Every entry is to be restated exactly; pictures are not part of the copy.
===
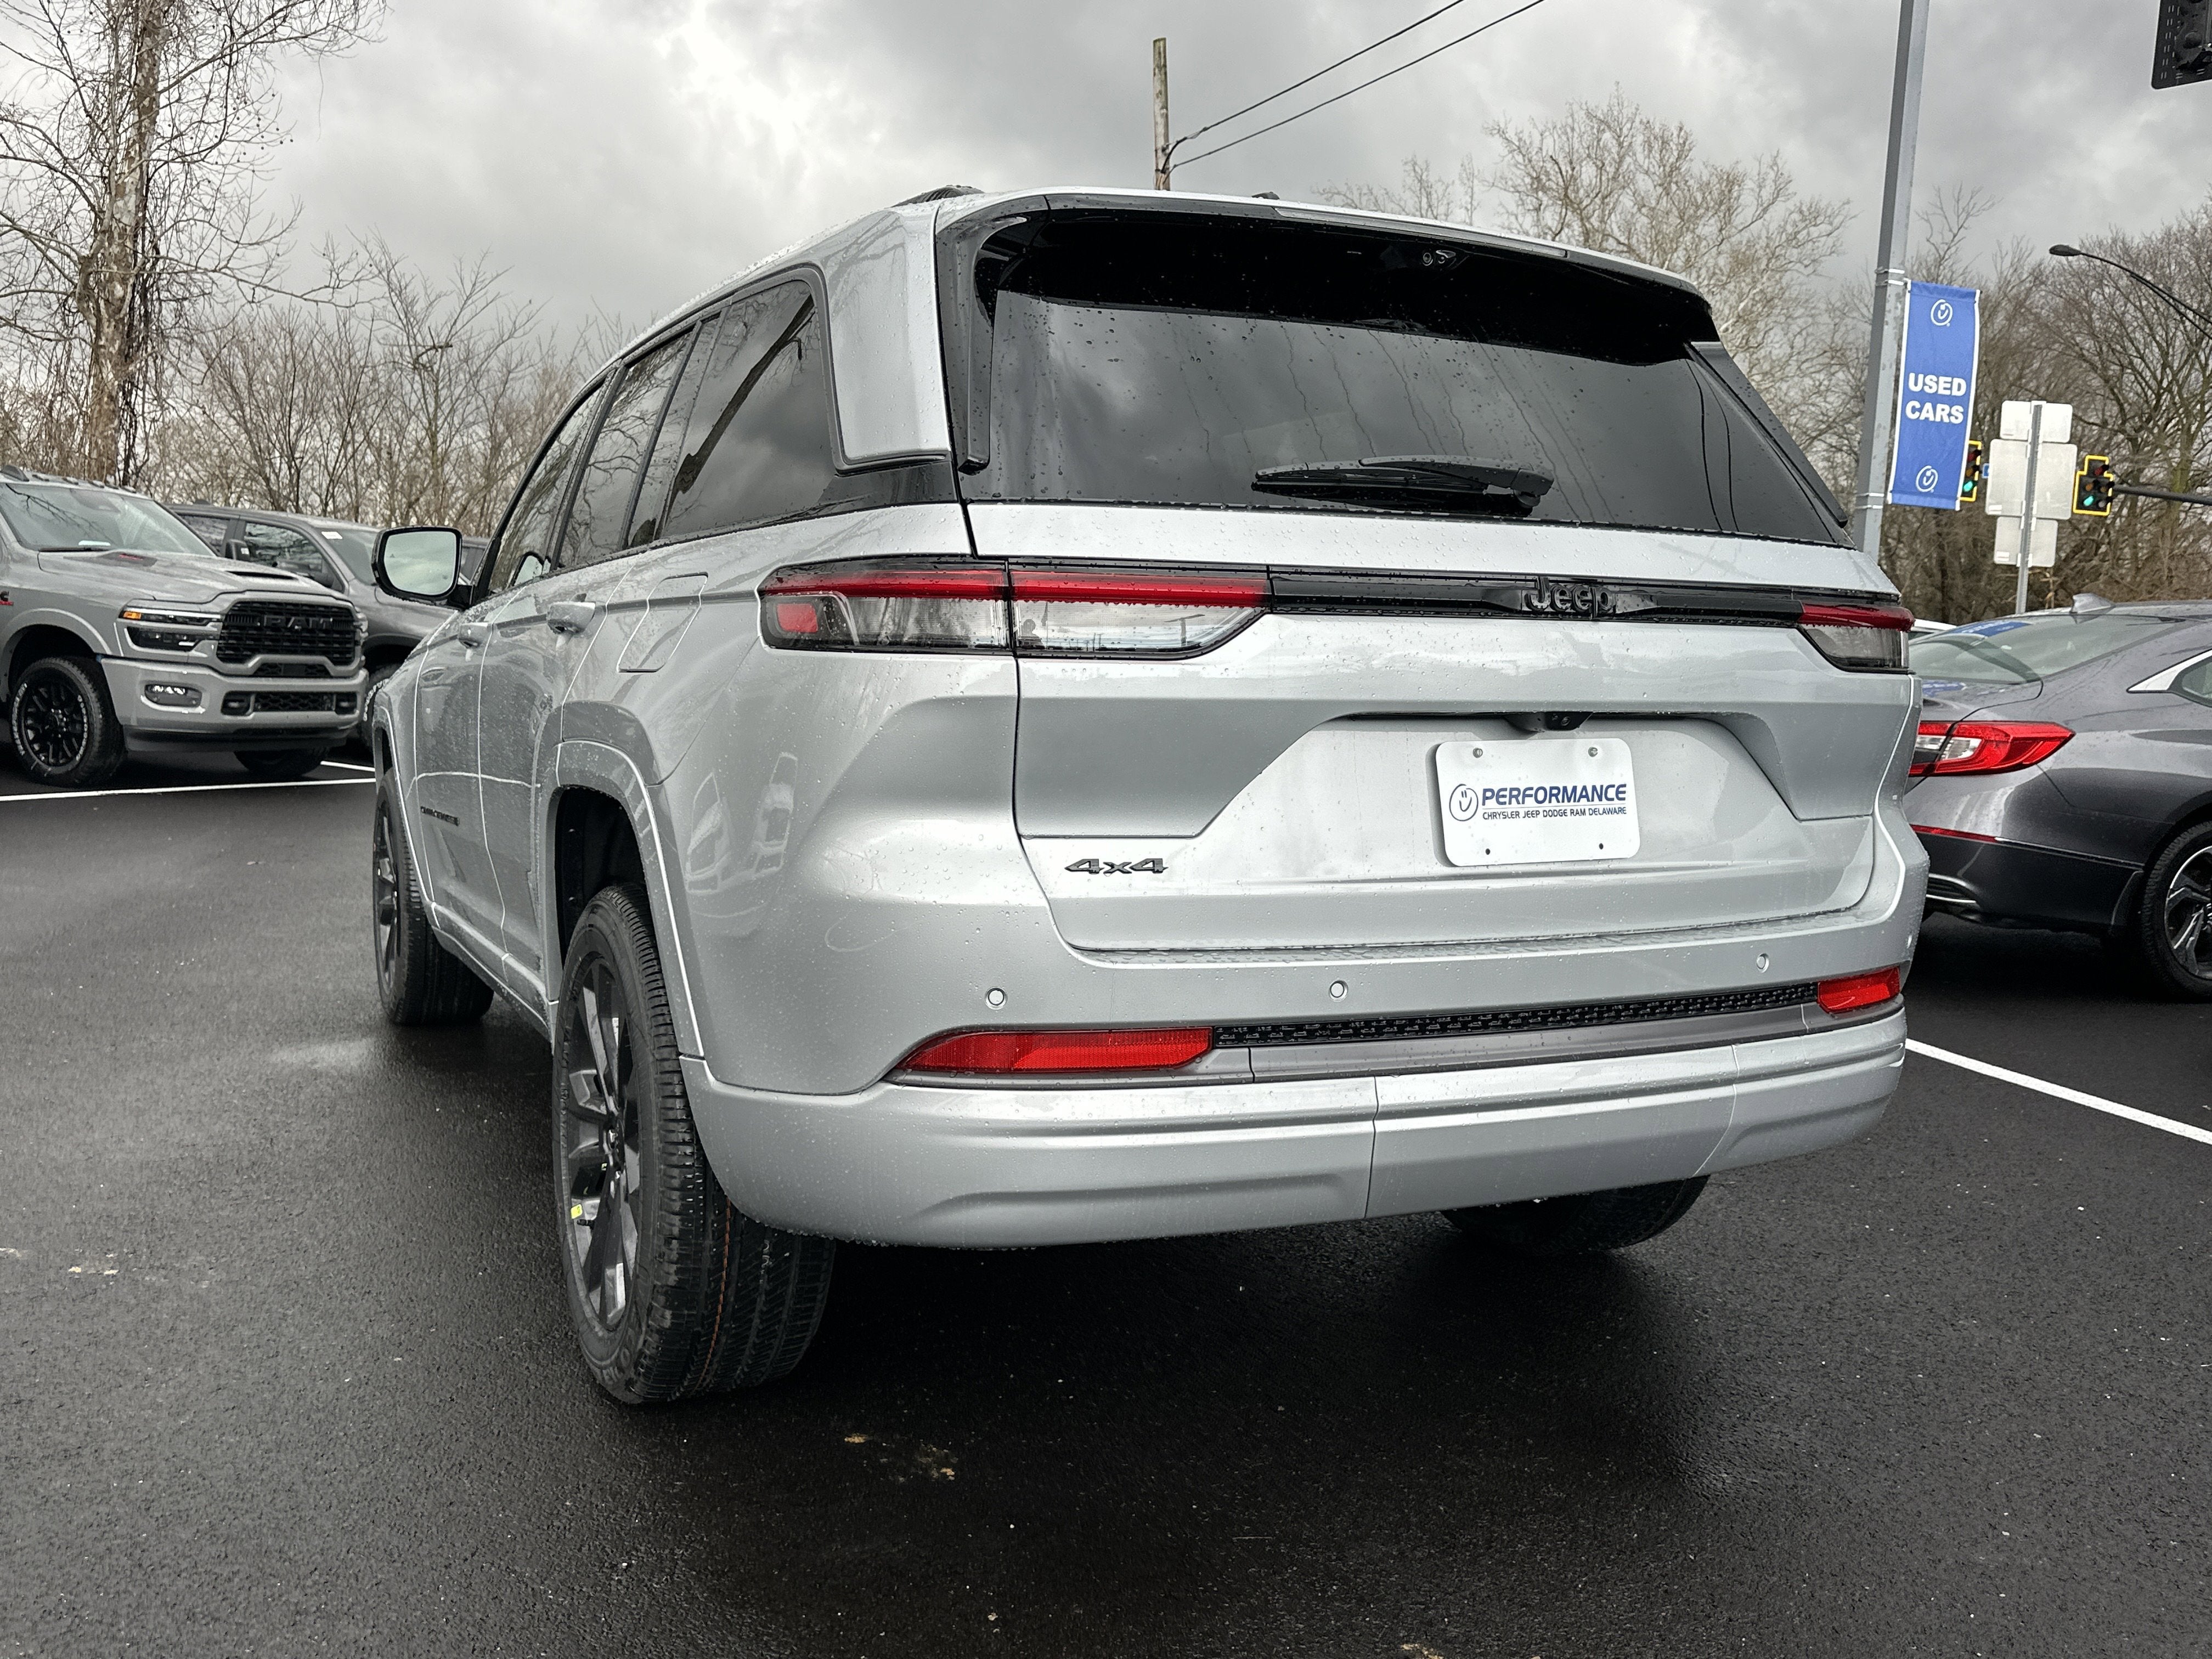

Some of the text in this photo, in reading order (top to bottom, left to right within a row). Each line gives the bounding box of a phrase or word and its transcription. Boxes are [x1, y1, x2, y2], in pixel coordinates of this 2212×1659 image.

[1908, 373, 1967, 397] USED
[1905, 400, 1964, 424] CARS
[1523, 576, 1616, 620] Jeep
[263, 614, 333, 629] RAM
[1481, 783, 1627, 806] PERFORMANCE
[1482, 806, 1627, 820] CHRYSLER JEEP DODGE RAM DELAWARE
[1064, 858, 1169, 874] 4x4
===
Answer:
Some of the text in this photo, in reading order (top to bottom, left to right within a row). Each line gives the bounding box of a phrase or word and its transcription. Boxes are [x1, y1, x2, y2], in pixel coordinates of this 2212×1659 image.

[1908, 373, 1967, 397] USED
[1905, 400, 1964, 424] CARS
[1523, 576, 1616, 620] Jeep
[263, 614, 333, 629] RAM
[1481, 783, 1627, 806] PERFORMANCE
[1482, 806, 1627, 820] CHRYSLER JEEP DODGE RAM DELAWARE
[1064, 858, 1169, 874] 4x4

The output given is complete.